The jurors were then asked to consider the potential harm level from Category 1 serious adverse effects on individuals including where supply was to groups of high risk, Category 2 medium risk and Category 3 low risk
STEP 2: It is a requirement to focus on the organisation’s annual turnover to reach a starting point for the fine, and further adjustments are considered within a category range for aggravating and mitigating features. The jurors were given the range of fines appropriate dependent on the size of the business turnover and taking into account the culpability and risk.
STEP 3: – check whether the proposed fine based on turnover is proportionate to the overall means of the offender.
STEP 4: – consider other factors that may warrant adjustment of the proposed fines.
STEP 5: consider factors which indicate a reduction, such as assistance to the prosecution.
STEP 6: – reduction for a guilty plea.
STEP 7: compensation and ancillary orders – the court can issue a prohibition notice, ensuring the defendant cannot run a food service business in the future and if compensation should be awarded as appropriate.
STEP 8: – totality principle: if more than one offence, consider if the total sentence is just and proportionate, in line with ‘Offences Taken into Consideration’ guidelines.
STEP 9: reasons: Section 174 of the Criminal Justice Act 2003 imposes a duty to give reasons for, and explain the effect of, the sentence.
There was much discussion amongst the jurors and it was highlighted by Hazel Gowland from Allergy Action that, had this been an actual trial there would have been much more evidence produced and a deeper look into all the circumstances that occurred on the day, there was a hung jury split between ‘high risk’ and ‘medium risk’, with a few electing to go towards ‘very high risk’ due to the potential risk of anaphylaxis and possible death of Ruby’s son who had the nut allergy. Had he not been on his mobile phone at the time of the food being delivered!
The trial included much court room banter, with the judge intercepting at key points to highlight areas of interest for the jurors and to keep the defence and prosecution in check when they stepped out of line!

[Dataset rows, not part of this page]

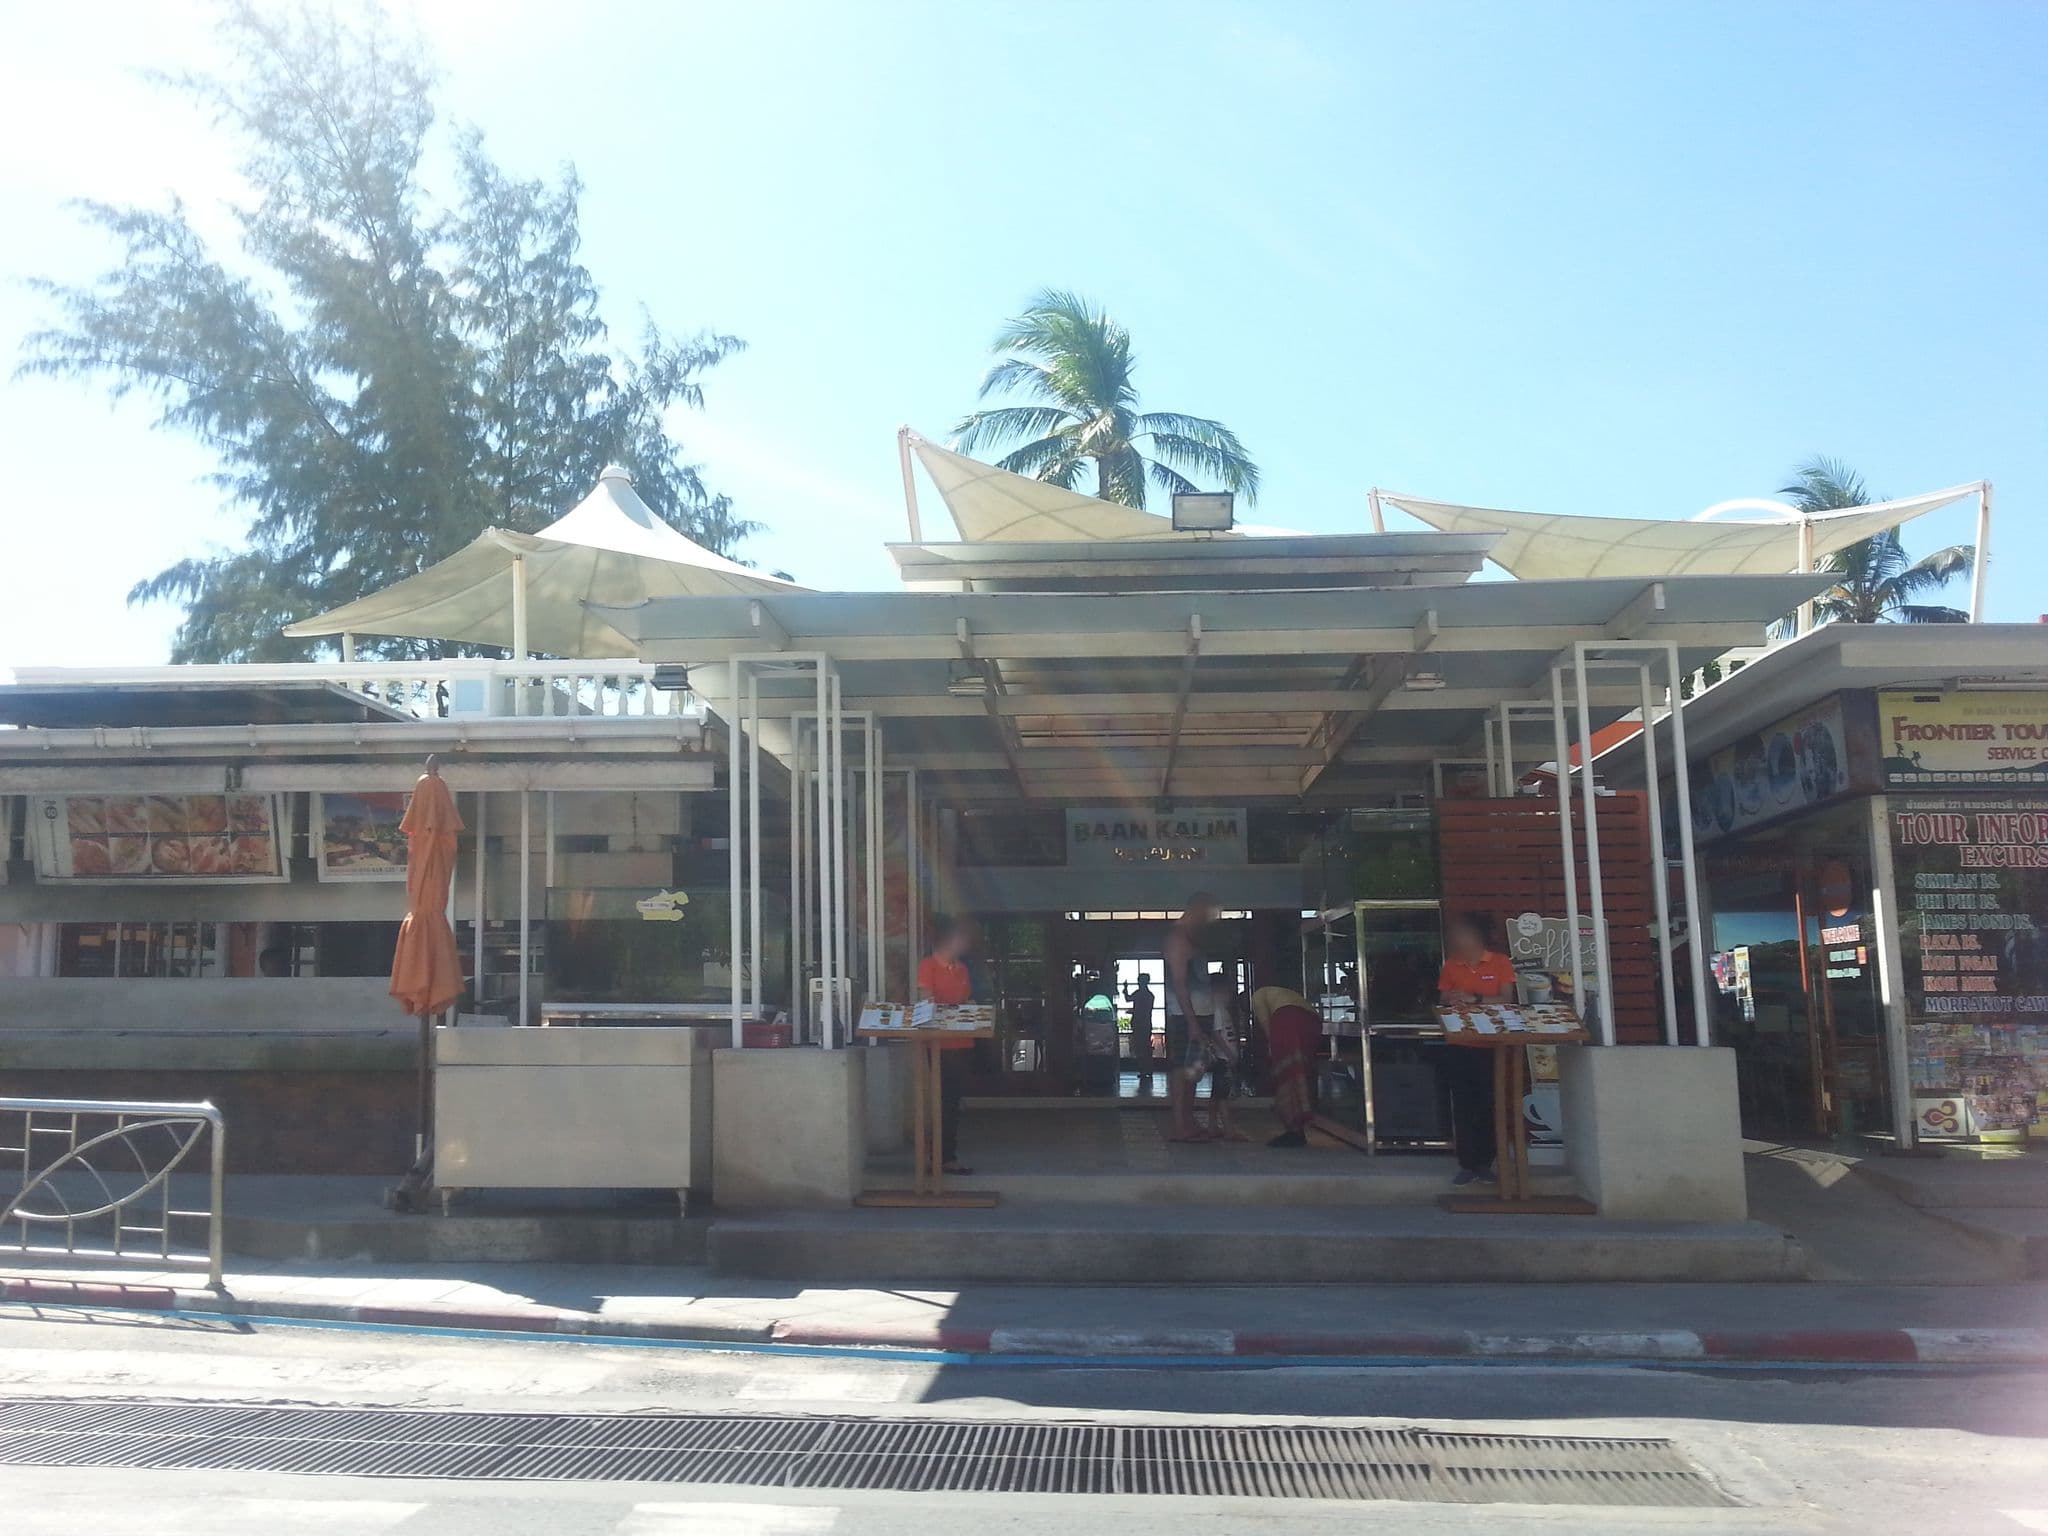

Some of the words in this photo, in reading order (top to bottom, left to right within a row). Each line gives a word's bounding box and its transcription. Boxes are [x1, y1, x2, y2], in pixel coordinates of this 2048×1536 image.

[1892, 716, 1996, 741] FRONTIER
[2002, 723, 2048, 741] TOU
[1988, 747, 2036, 760] SERVICE
[1073, 822, 1148, 842] BAAN
[1156, 819, 1239, 841] KALIM
[1897, 813, 1969, 844] TOUR
[1914, 872, 1978, 889] SIMILAN
[1915, 893, 1945, 910] PHI
[1946, 893, 1977, 910] PHI
[1925, 996, 2013, 1013] MORRAKOT

The proposed fine to the restaurant was £12,000, with additional court costs of £24,000 and a fine to Mr Basiletti, the company Director, of £2,880 with the penalty totalling nearly £40,000!
Attendees were from all sectors of the hospitality industry including: education catering, wholesalers, trainers and consultants, public house sector, restaurant chains and contract catering, to list but a few. Feedback from the day was extremely positive and some of the outcomes that were highlighted included:
- Documentation is absolutely everything – not complex lists, but easy to implement systems that staff buy into from day one.
- Nobody has to die for you to be reckless – but not communicating effectively across your business if you are preparing and serving food or beverages is reckless.
- Lack of training and staff awareness is also neglecting your team – as a criminal offence can occur even without harm.
- Ignorance is not a defence in court.
The Mock Trial indicated the importance of an allergy policy both internally and externally for food business, accurate allergy tables and ensuring staff are trained to an appropriate level commensurate to their role to ensure they comply with the businesses allergy policy. Its great to have a system in place but all staff need to know how it works and their personal responsibility under the law.
Steps for an effective food allergy policy
- Audit your business in regard to allergens
- Choose a knowledgeable food allergy auditor.
- Review your allergy tables.
- Encourage your outlets to check the allergy information on receipt and raise potential risks.
- Mystery diner experiences – specific to a FreeFrom customer.
- Review current inhouse processes / HACCP.
- And challenge your staff to go FreeFrom for a week or two.